Entries provided |
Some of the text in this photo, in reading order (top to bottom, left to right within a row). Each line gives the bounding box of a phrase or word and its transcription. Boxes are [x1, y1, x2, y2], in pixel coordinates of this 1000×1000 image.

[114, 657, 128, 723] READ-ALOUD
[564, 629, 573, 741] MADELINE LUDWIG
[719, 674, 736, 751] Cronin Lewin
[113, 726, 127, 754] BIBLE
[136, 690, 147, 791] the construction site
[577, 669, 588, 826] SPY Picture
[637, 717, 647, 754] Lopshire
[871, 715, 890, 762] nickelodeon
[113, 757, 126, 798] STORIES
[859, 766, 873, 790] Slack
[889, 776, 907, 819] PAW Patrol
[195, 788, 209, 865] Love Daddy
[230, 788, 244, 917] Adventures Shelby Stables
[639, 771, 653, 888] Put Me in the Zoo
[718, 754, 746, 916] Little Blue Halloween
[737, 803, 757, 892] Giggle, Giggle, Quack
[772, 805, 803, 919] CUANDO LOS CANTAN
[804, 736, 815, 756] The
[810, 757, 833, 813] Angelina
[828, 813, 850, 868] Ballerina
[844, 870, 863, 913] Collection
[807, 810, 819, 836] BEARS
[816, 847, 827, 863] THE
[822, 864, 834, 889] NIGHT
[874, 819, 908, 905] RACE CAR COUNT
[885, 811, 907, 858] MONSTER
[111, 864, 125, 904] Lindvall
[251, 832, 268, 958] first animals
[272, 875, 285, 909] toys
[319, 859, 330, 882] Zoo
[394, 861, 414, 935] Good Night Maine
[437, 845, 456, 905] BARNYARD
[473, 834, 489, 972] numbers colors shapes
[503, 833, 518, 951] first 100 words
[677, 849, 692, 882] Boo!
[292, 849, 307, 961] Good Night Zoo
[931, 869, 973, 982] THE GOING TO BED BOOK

Exercise | Only an exact copy of the data above will do.

Response |
Some of the text in this photo, in reading order (top to bottom, left to right within a row). Each line gives the bounding box of a phrase or word and its transcription. Boxes are [x1, y1, x2, y2], in pixel coordinates of this 1000×1000 image.

[114, 657, 128, 723] READ-ALOUD
[564, 629, 573, 741] MADELINE LUDWIG
[719, 674, 736, 751] Cronin Lewin
[113, 726, 127, 754] BIBLE
[136, 690, 147, 791] the construction site
[577, 669, 588, 826] SPY Picture
[637, 717, 647, 754] Lopshire
[871, 715, 890, 762] nickelodeon
[113, 757, 126, 798] STORIES
[859, 766, 873, 790] Slack
[889, 776, 907, 819] PAW Patrol
[195, 788, 209, 865] Love Daddy
[230, 788, 244, 917] Adventures Shelby Stables
[639, 771, 653, 888] Put Me in the Zoo
[718, 754, 746, 916] Little Blue Halloween
[737, 803, 757, 892] Giggle, Giggle, Quack
[772, 805, 803, 919] CUANDO LOS CANTAN
[804, 736, 815, 756] The
[810, 757, 833, 813] Angelina
[828, 813, 850, 868] Ballerina
[844, 870, 863, 913] Collection
[807, 810, 819, 836] BEARS
[816, 847, 827, 863] THE
[822, 864, 834, 889] NIGHT
[874, 819, 908, 905] RACE CAR COUNT
[885, 811, 907, 858] MONSTER
[111, 864, 125, 904] Lindvall
[251, 832, 268, 958] first animals
[272, 875, 285, 909] toys
[319, 859, 330, 882] Zoo
[394, 861, 414, 935] Good Night Maine
[437, 845, 456, 905] BARNYARD
[473, 834, 489, 972] numbers colors shapes
[503, 833, 518, 951] first 100 words
[677, 849, 692, 882] Boo!
[292, 849, 307, 961] Good Night Zoo
[931, 869, 973, 982] THE GOING TO BED BOOK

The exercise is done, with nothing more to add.